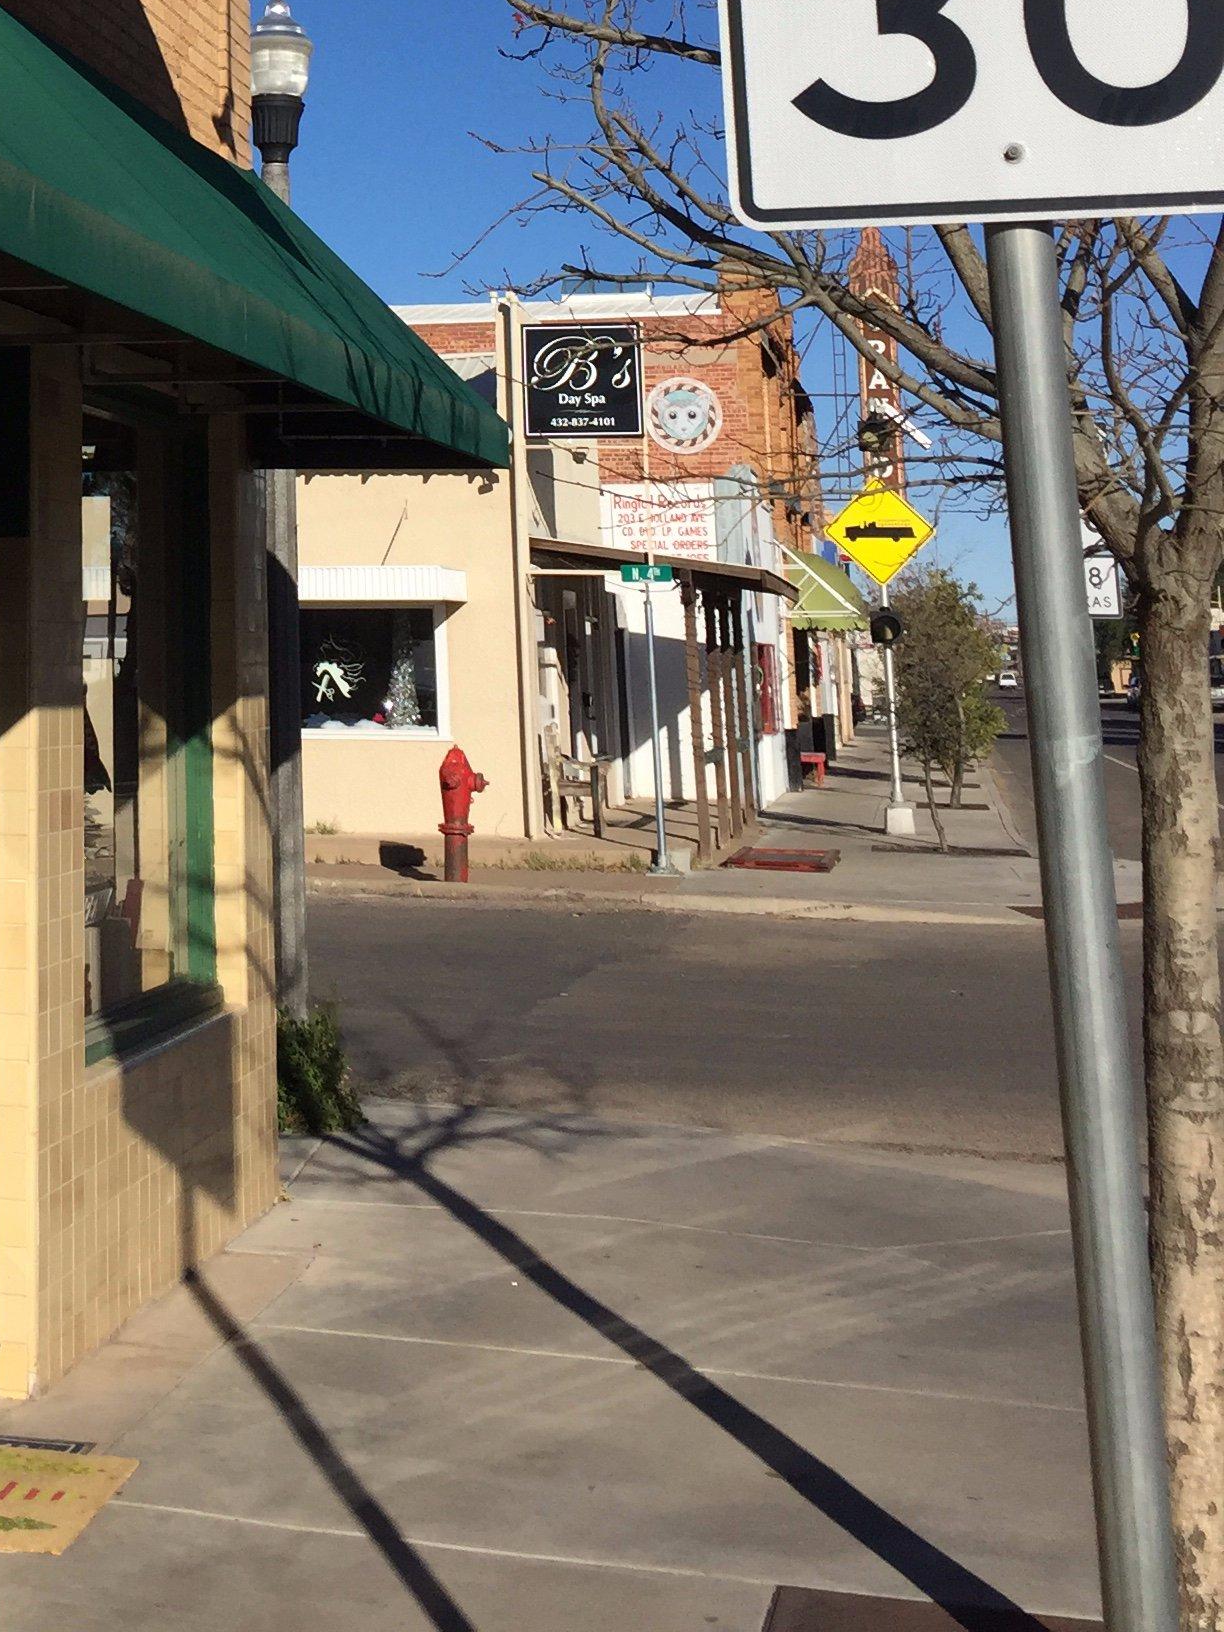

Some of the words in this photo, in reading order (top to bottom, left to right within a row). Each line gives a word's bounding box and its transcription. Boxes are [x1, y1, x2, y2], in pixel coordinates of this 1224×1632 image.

[531, 335, 632, 391] B's
[558, 393, 582, 408] Day
[584, 392, 606, 408] Spa
[550, 416, 616, 428] 432-837-4101
[613, 494, 654, 512] RingTl
[657, 494, 707, 509] Rcords
[621, 527, 634, 537] CD
[677, 527, 708, 537] GAMES
[630, 540, 669, 550] SPEIAL
[672, 540, 710, 550] ORDERS

◇ ◇ ◇ ◇

ASSIGNMENT:
Set the material down exactly, images excluded.

ANSWER SPACE:
Some of the words in this photo, in reading order (top to bottom, left to right within a row). Each line gives a word's bounding box and its transcription. Boxes are [x1, y1, x2, y2], in pixel coordinates of this 1224×1632 image.

[531, 335, 632, 391] B's
[558, 393, 582, 408] Day
[584, 392, 606, 408] Spa
[550, 416, 616, 428] 432-837-4101
[613, 494, 654, 512] RingTl
[657, 494, 707, 509] Rcords
[621, 527, 634, 537] CD
[677, 527, 708, 537] GAMES
[630, 540, 669, 550] SPEIAL
[672, 540, 710, 550] ORDERS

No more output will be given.